[Images for object localization]
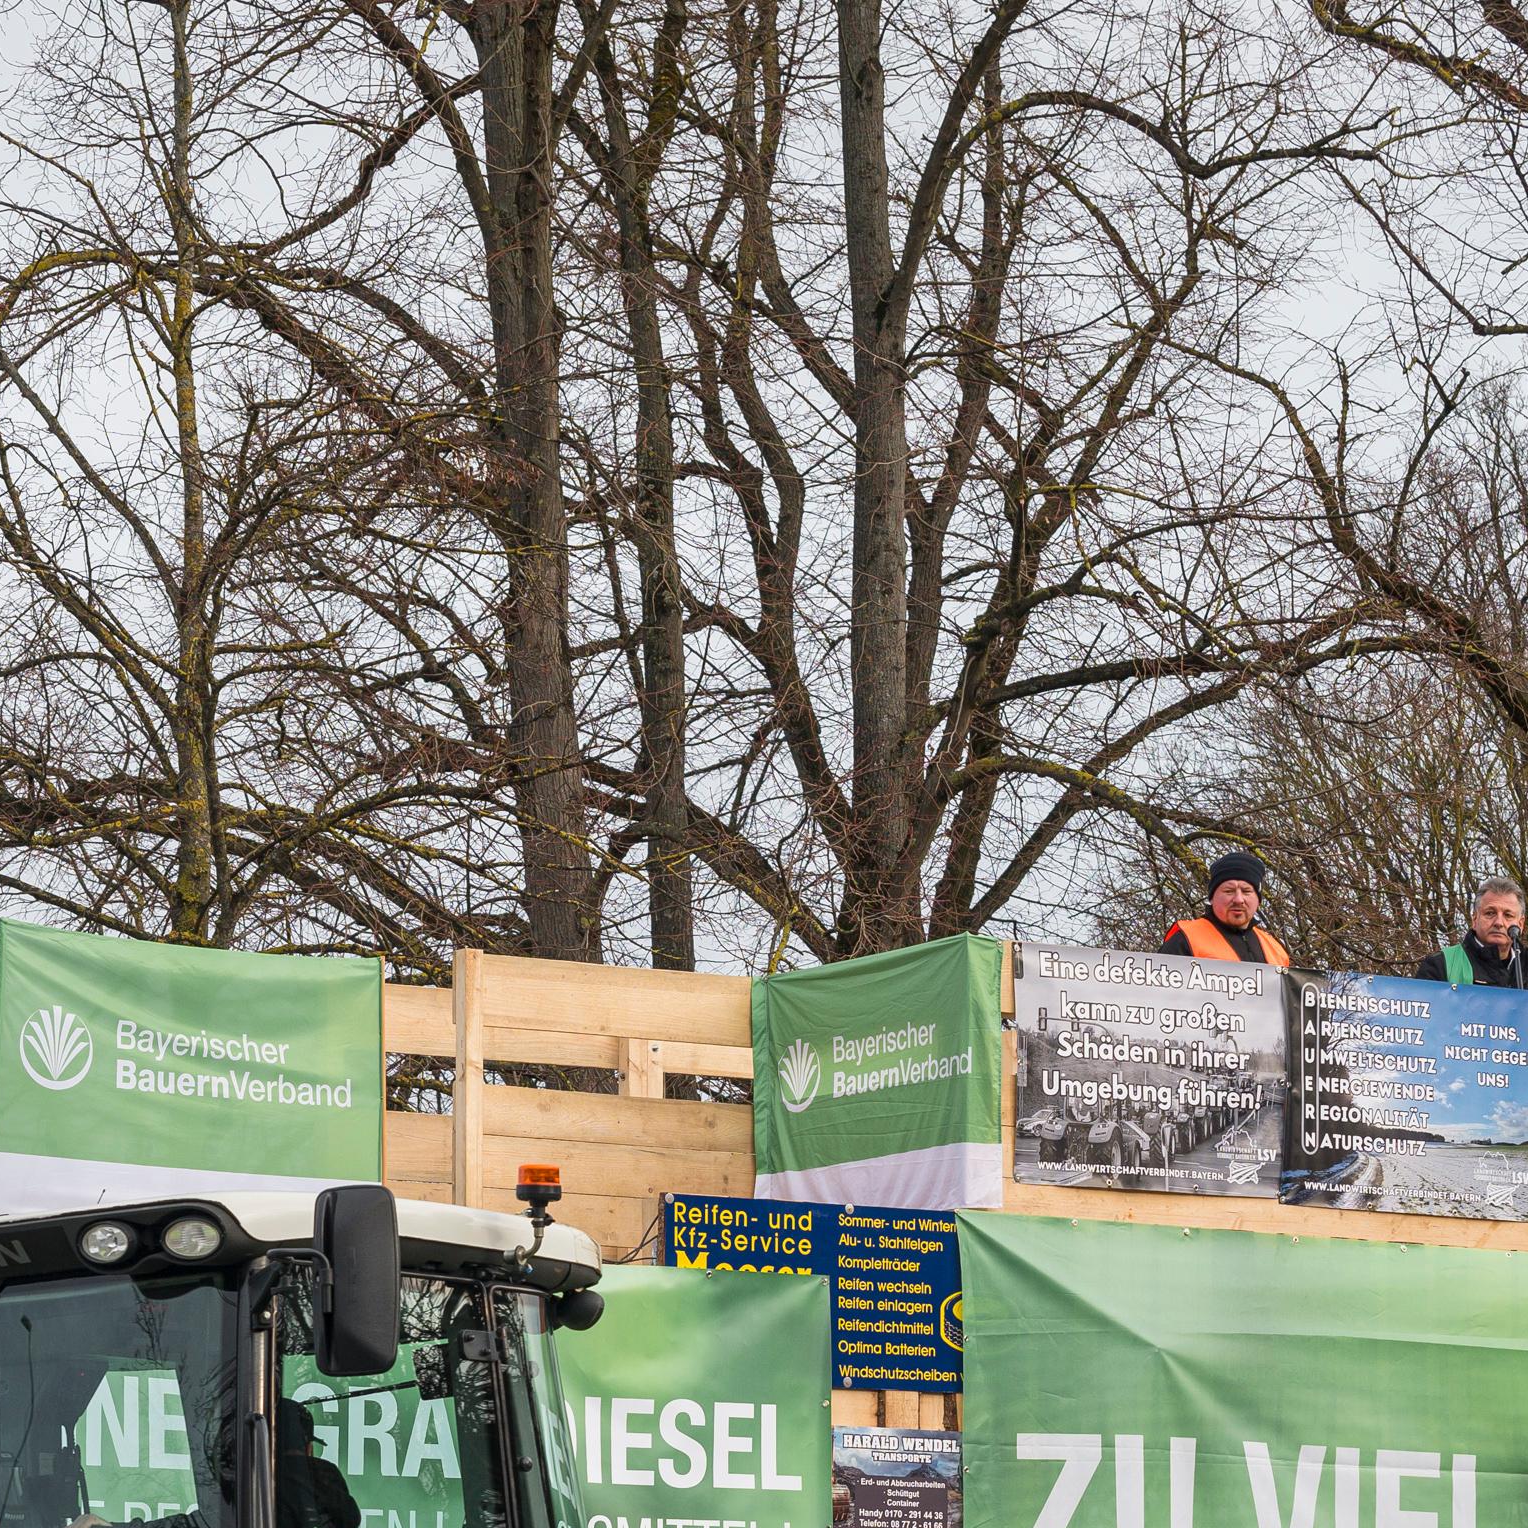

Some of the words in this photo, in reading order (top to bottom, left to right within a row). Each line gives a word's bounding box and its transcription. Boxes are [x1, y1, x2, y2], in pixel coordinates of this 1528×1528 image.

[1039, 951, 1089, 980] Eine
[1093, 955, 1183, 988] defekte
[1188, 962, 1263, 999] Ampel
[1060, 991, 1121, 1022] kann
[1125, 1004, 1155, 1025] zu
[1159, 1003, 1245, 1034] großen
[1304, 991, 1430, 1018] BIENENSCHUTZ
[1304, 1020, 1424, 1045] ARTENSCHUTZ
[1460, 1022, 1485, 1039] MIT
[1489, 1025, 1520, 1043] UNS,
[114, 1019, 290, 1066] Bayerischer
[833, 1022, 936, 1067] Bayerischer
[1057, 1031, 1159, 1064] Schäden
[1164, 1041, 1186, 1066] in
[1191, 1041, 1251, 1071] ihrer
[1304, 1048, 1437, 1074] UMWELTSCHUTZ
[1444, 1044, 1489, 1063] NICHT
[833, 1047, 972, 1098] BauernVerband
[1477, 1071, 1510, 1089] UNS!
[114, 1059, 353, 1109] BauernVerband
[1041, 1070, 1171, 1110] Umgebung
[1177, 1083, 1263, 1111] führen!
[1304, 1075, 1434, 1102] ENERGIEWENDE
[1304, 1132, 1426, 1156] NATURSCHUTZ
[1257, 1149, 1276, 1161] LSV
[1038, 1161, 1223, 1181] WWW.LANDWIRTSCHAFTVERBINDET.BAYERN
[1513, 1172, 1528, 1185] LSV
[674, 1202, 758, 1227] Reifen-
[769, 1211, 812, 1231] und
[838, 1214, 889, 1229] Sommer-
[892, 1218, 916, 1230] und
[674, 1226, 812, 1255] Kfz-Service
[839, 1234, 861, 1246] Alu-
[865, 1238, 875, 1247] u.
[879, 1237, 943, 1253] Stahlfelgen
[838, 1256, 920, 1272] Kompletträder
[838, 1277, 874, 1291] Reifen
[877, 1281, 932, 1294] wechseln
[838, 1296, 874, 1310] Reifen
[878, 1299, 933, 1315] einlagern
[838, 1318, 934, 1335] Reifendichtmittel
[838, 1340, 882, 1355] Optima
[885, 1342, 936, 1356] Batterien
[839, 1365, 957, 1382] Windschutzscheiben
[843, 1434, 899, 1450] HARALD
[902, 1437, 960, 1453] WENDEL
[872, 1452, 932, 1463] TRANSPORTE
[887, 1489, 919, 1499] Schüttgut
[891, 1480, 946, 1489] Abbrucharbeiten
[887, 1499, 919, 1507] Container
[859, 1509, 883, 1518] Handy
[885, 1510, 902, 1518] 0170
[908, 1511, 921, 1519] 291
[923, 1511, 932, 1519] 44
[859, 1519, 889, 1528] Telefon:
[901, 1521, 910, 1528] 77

▸ Problem details:
Return the preceding entries exactly, each word as given, but leave out any picture.

▸ Response:
Some of the words in this photo, in reading order (top to bottom, left to right within a row). Each line gives a word's bounding box and its transcription. Boxes are [x1, y1, x2, y2], in pixel coordinates of this 1528×1528 image.

[1039, 951, 1089, 980] Eine
[1093, 955, 1183, 988] defekte
[1188, 962, 1263, 999] Ampel
[1060, 991, 1121, 1022] kann
[1125, 1004, 1155, 1025] zu
[1159, 1003, 1245, 1034] großen
[1304, 991, 1430, 1018] BIENENSCHUTZ
[1304, 1020, 1424, 1045] ARTENSCHUTZ
[1460, 1022, 1485, 1039] MIT
[1489, 1025, 1520, 1043] UNS,
[114, 1019, 290, 1066] Bayerischer
[833, 1022, 936, 1067] Bayerischer
[1057, 1031, 1159, 1064] Schäden
[1164, 1041, 1186, 1066] in
[1191, 1041, 1251, 1071] ihrer
[1304, 1048, 1437, 1074] UMWELTSCHUTZ
[1444, 1044, 1489, 1063] NICHT
[833, 1047, 972, 1098] BauernVerband
[1477, 1071, 1510, 1089] UNS!
[114, 1059, 353, 1109] BauernVerband
[1041, 1070, 1171, 1110] Umgebung
[1177, 1083, 1263, 1111] führen!
[1304, 1075, 1434, 1102] ENERGIEWENDE
[1304, 1132, 1426, 1156] NATURSCHUTZ
[1257, 1149, 1276, 1161] LSV
[1038, 1161, 1223, 1181] WWW.LANDWIRTSCHAFTVERBINDET.BAYERN
[1513, 1172, 1528, 1185] LSV
[674, 1202, 758, 1227] Reifen-
[769, 1211, 812, 1231] und
[838, 1214, 889, 1229] Sommer-
[892, 1218, 916, 1230] und
[674, 1226, 812, 1255] Kfz-Service
[839, 1234, 861, 1246] Alu-
[865, 1238, 875, 1247] u.
[879, 1237, 943, 1253] Stahlfelgen
[838, 1256, 920, 1272] Kompletträder
[838, 1277, 874, 1291] Reifen
[877, 1281, 932, 1294] wechseln
[838, 1296, 874, 1310] Reifen
[878, 1299, 933, 1315] einlagern
[838, 1318, 934, 1335] Reifendichtmittel
[838, 1340, 882, 1355] Optima
[885, 1342, 936, 1356] Batterien
[839, 1365, 957, 1382] Windschutzscheiben
[843, 1434, 899, 1450] HARALD
[902, 1437, 960, 1453] WENDEL
[872, 1452, 932, 1463] TRANSPORTE
[887, 1489, 919, 1499] Schüttgut
[891, 1480, 946, 1489] Abbrucharbeiten
[887, 1499, 919, 1507] Container
[859, 1509, 883, 1518] Handy
[885, 1510, 902, 1518] 0170
[908, 1511, 921, 1519] 291
[923, 1511, 932, 1519] 44
[859, 1519, 889, 1528] Telefon:
[901, 1521, 910, 1528] 77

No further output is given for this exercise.